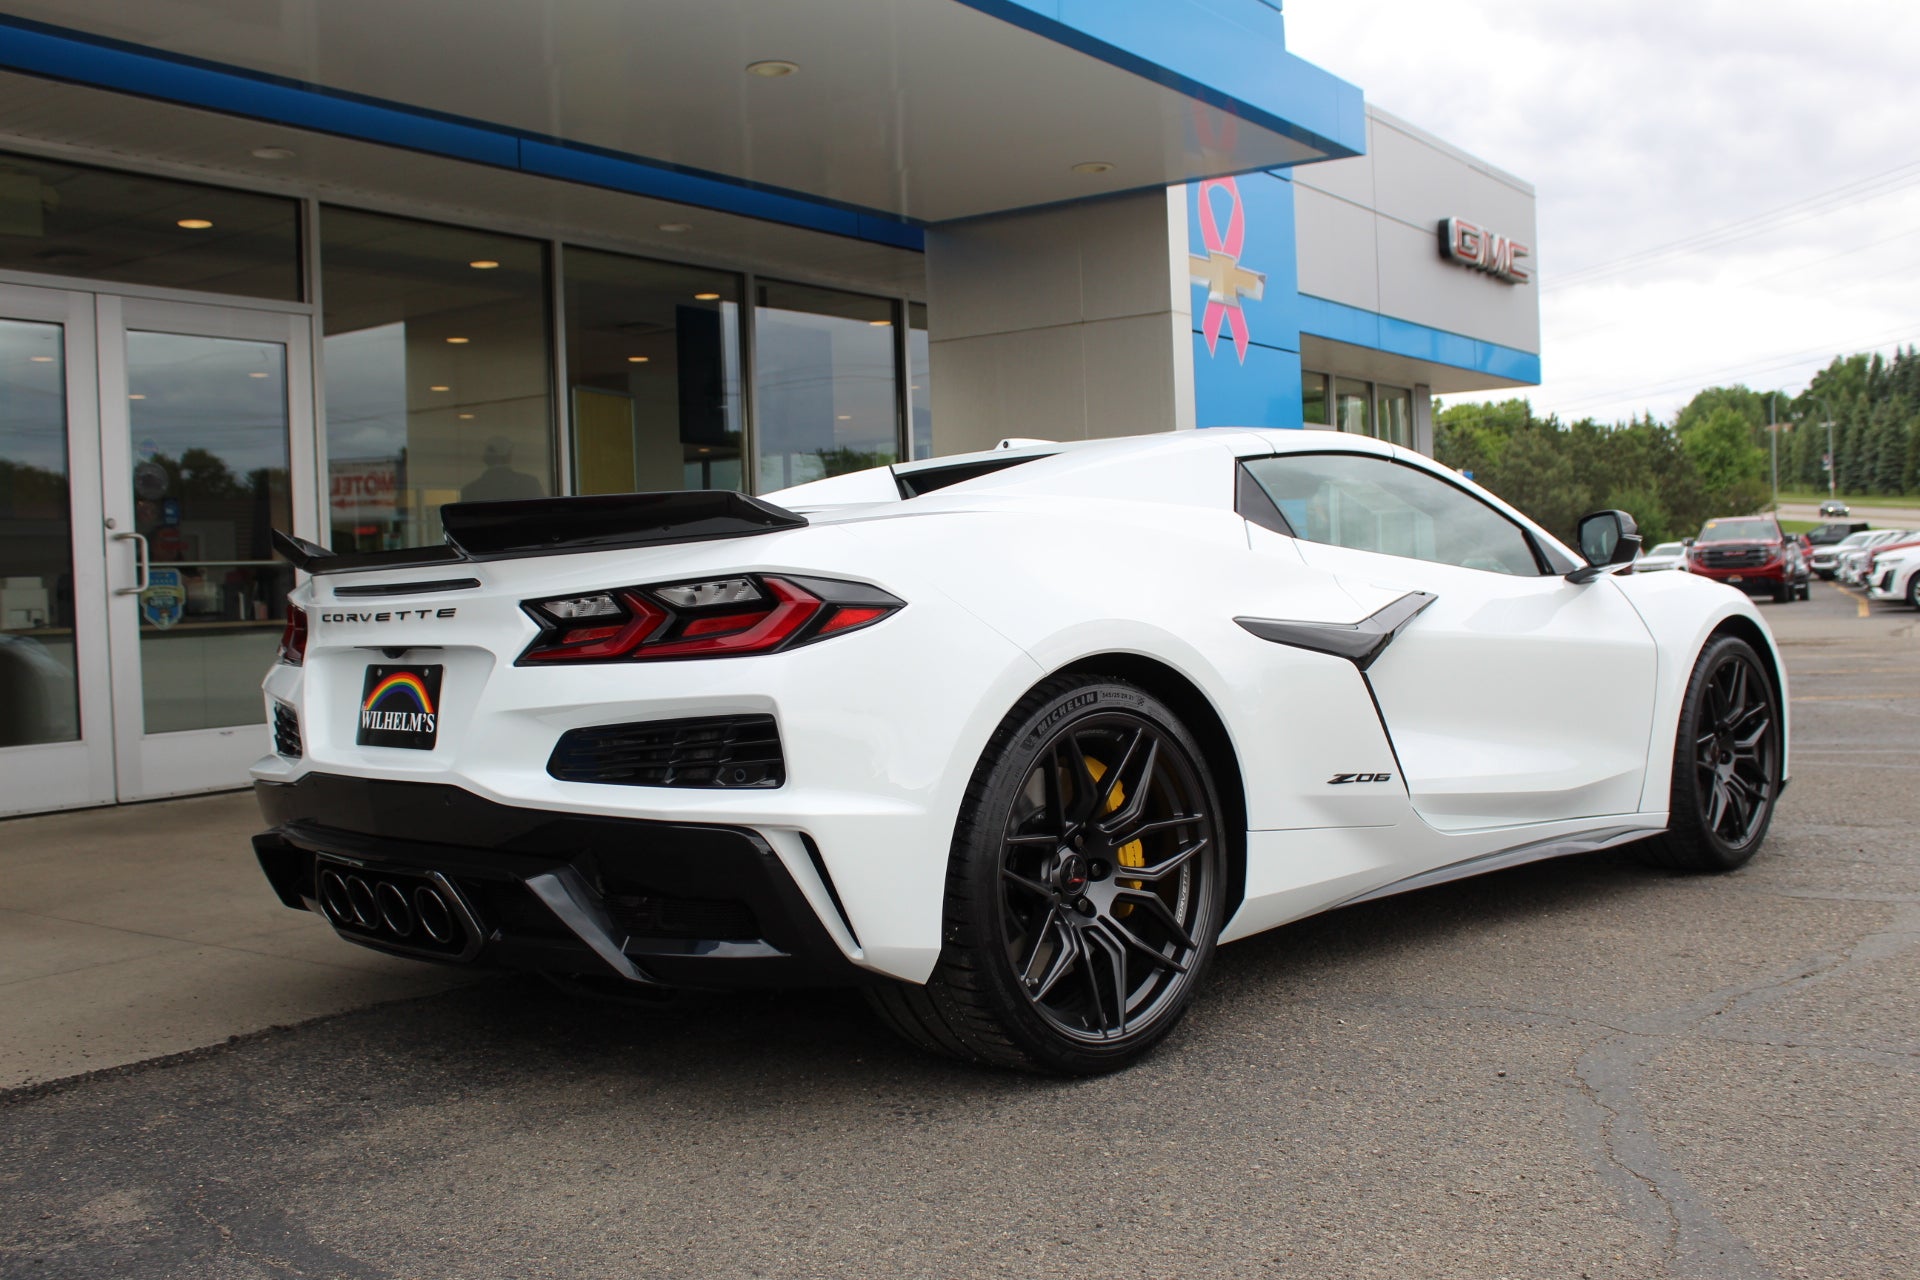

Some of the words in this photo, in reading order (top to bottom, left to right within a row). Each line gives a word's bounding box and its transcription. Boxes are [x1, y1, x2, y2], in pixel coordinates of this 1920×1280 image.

[1449, 217, 1530, 282] GMC
[321, 607, 457, 623] CORVETTE
[361, 710, 435, 733] WILHELM'S
[1036, 691, 1096, 736] MICHELIN
[1326, 773, 1392, 785] Z06
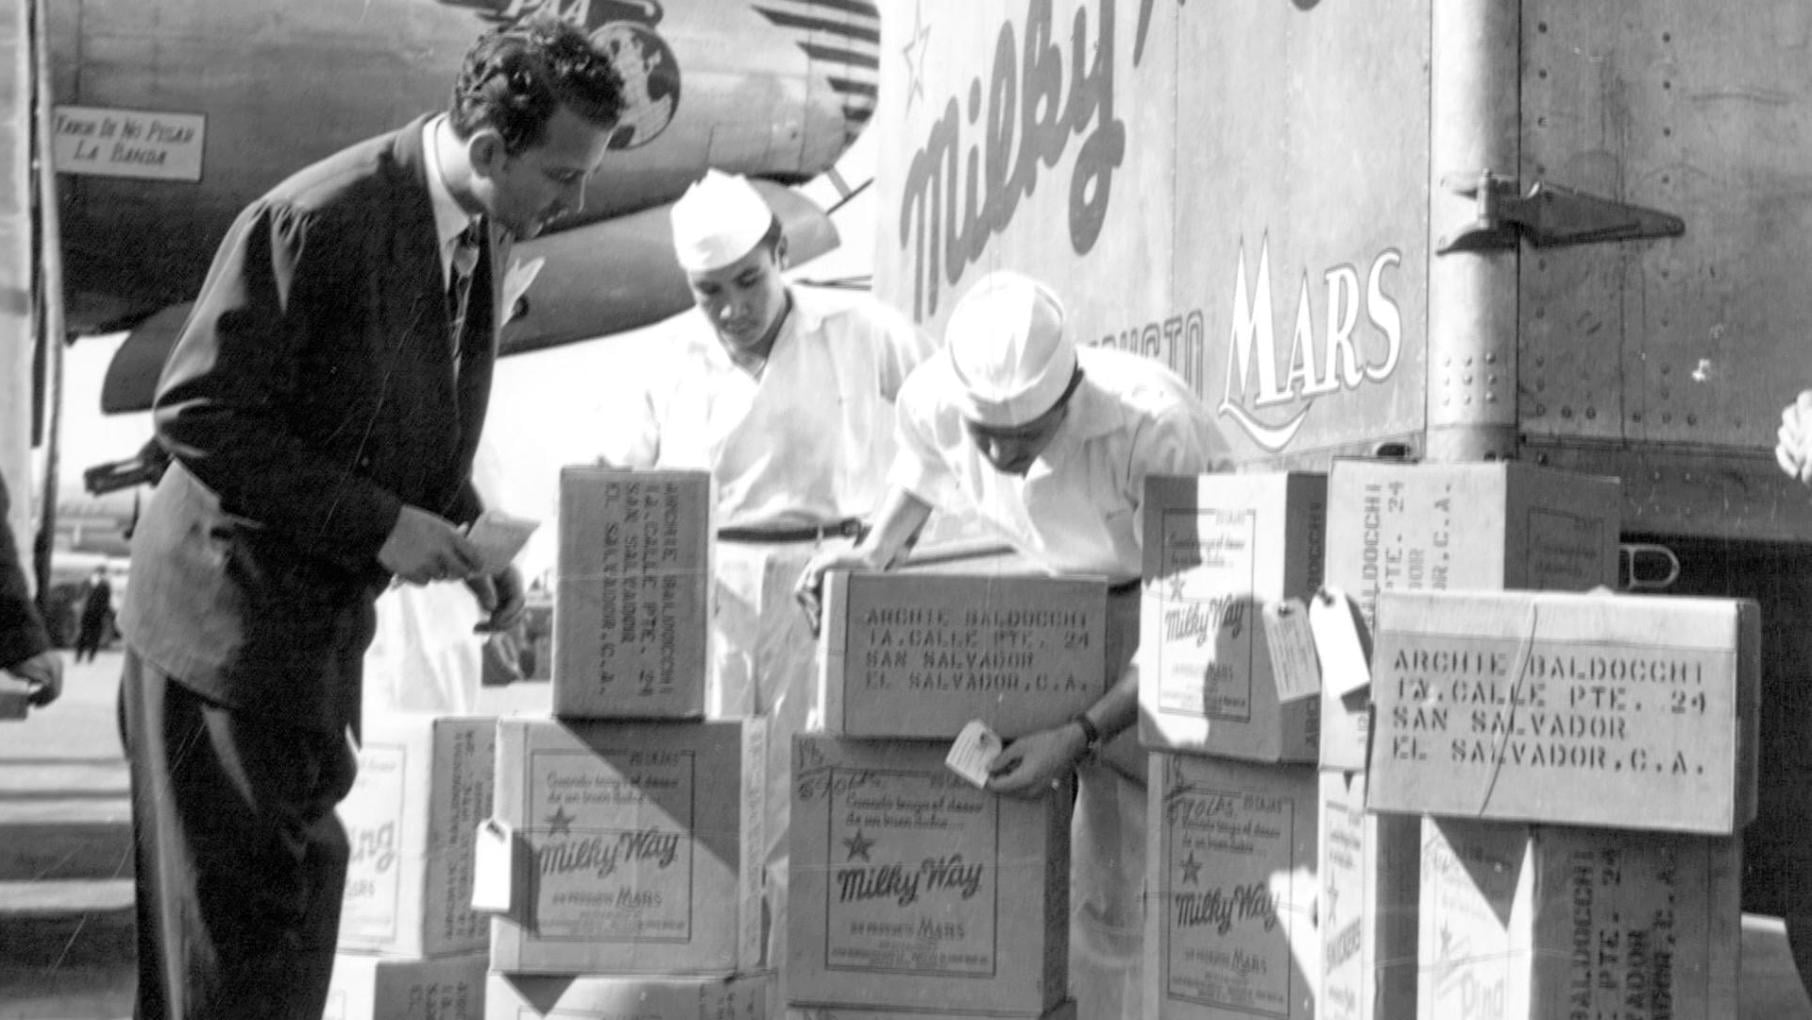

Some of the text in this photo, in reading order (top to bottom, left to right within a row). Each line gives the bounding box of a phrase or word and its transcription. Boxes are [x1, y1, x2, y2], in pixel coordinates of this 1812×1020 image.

[73, 138, 99, 160] LA
[1220, 228, 1403, 412] MARS
[1386, 480, 1405, 514] 24
[866, 608, 1087, 629] ARCHIE BALDOCCHI
[1063, 631, 1089, 650] 24
[866, 651, 1034, 670] SAN SALVADOR
[1393, 649, 1703, 685] ARCHIE BALDOCCHI
[866, 670, 891, 690] EL
[1569, 684, 1642, 712] PTE.
[1670, 690, 1706, 716] 24
[1392, 705, 1449, 732] SAN
[1471, 709, 1628, 741] SALVADOR
[1393, 734, 1428, 762] EL
[350, 819, 396, 874] ing
[540, 827, 680, 879] Milky Way
[837, 854, 983, 908] Milky Way
[1175, 882, 1280, 936] Milky Way
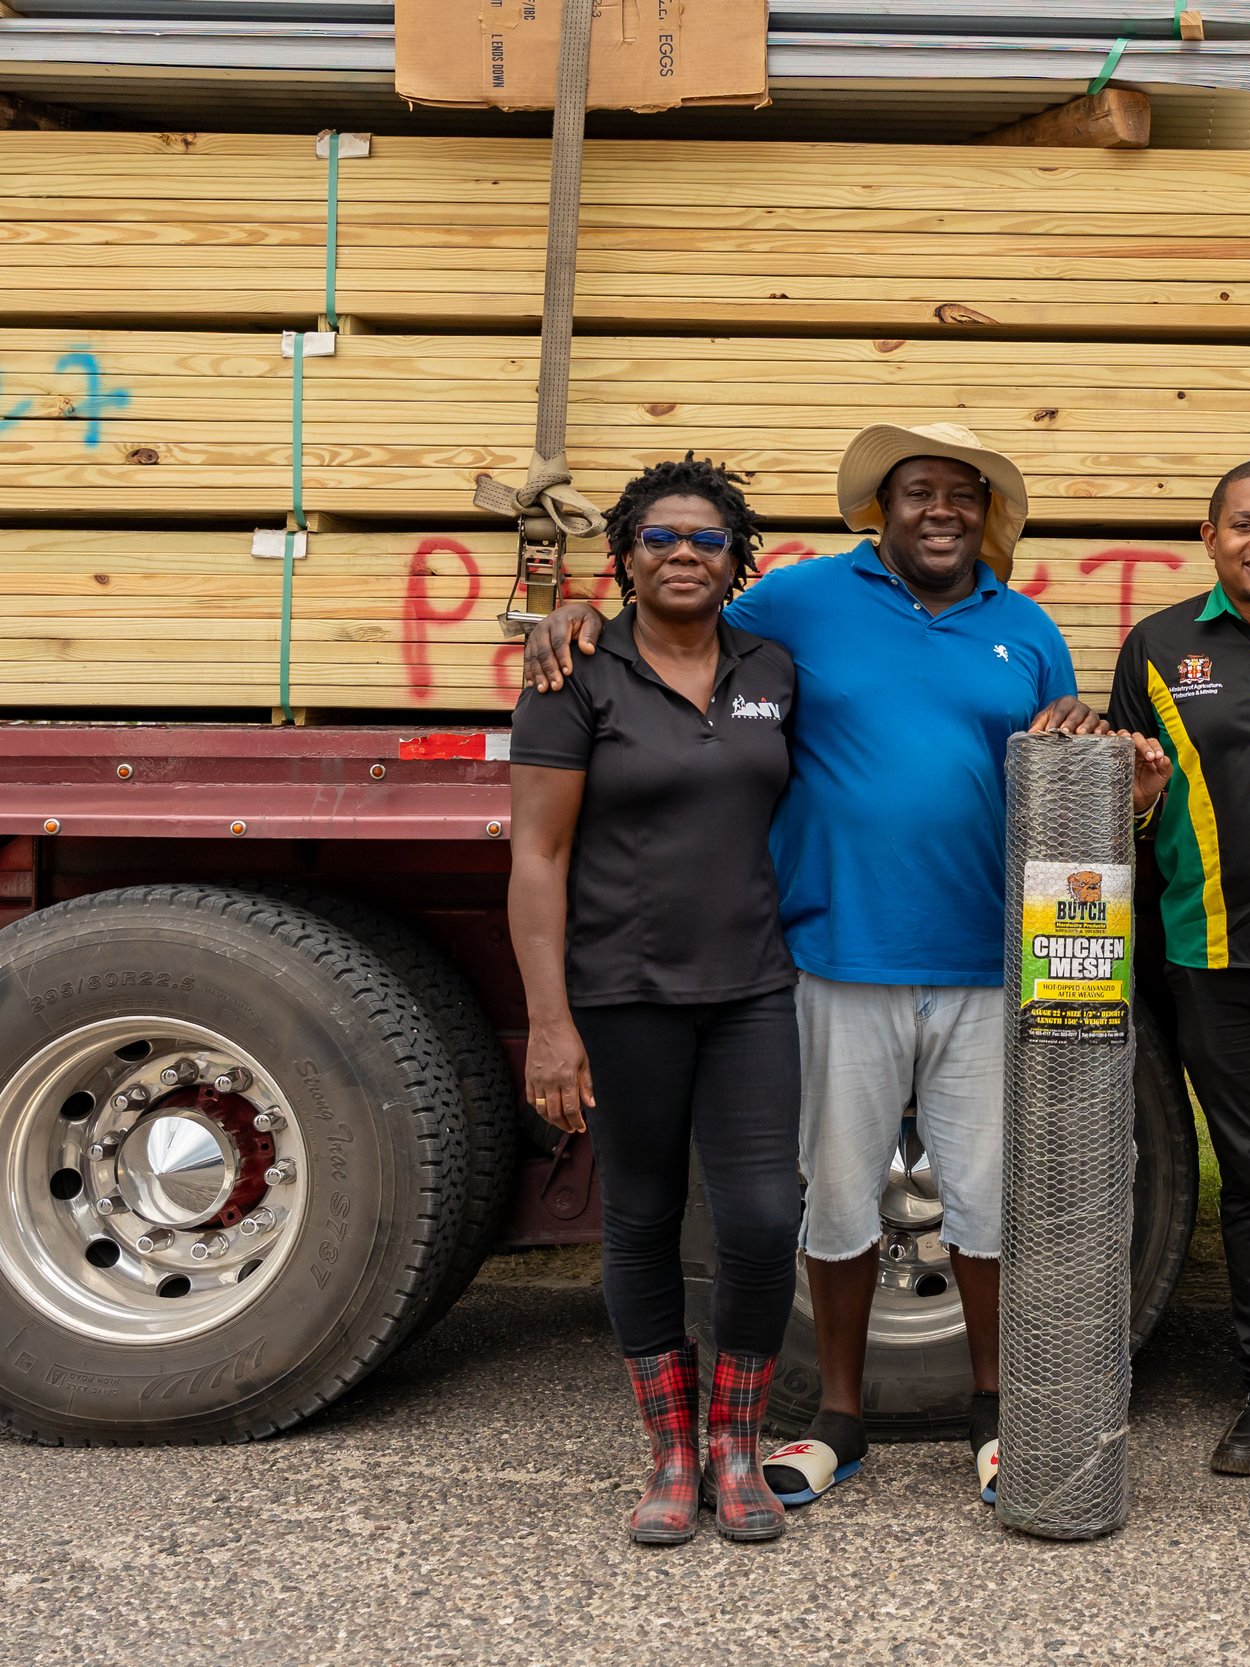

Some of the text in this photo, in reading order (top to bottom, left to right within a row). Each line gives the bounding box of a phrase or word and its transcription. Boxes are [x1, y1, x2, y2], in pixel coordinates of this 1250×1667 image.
################
Problem to work on: Output everything in the records above word for word, but not the pictures.

The completed task:
Some of the words in this photo, in reading order (top to bottom, left to right within a row). Each line gives a word's bounding box and its transcription. Boxes are [x1, y1, x2, y2], in pixel coordinates of this 1920×1280 image.

[1449, 217, 1530, 282] GMC
[321, 607, 457, 623] CORVETTE
[361, 710, 435, 733] WILHELM'S
[1036, 691, 1096, 736] MICHELIN
[1326, 773, 1392, 785] Z06

Some of the text in this photo, in reading order (top to bottom, left to right within a row). Each line gives the bounding box of a phrase or word and its transcription. Boxes are [x1, y1, x2, y2], in pixel coordinates of this 1812×1020 image.

[73, 138, 99, 160] LA
[1220, 228, 1403, 412] MARS
[1386, 480, 1405, 514] 24
[866, 608, 1087, 629] ARCHIE BALDOCCHI
[1063, 631, 1089, 650] 24
[866, 651, 1034, 670] SAN SALVADOR
[1393, 649, 1703, 685] ARCHIE BALDOCCHI
[866, 670, 891, 690] EL
[1569, 684, 1642, 712] PTE.
[1670, 690, 1706, 716] 24
[1392, 705, 1449, 732] SAN
[1471, 709, 1628, 741] SALVADOR
[1393, 734, 1428, 762] EL
[350, 819, 396, 874] ing
[540, 827, 680, 879] Milky Way
[837, 854, 983, 908] Milky Way
[1175, 882, 1280, 936] Milky Way

Some of the text in this photo, in reading order (top to bottom, left to right within a row). Each line gives the bounding box of a phrase or word and its transcription. Boxes are [x1, y1, x2, y2], in pixel coordinates of this 1250×1667 image.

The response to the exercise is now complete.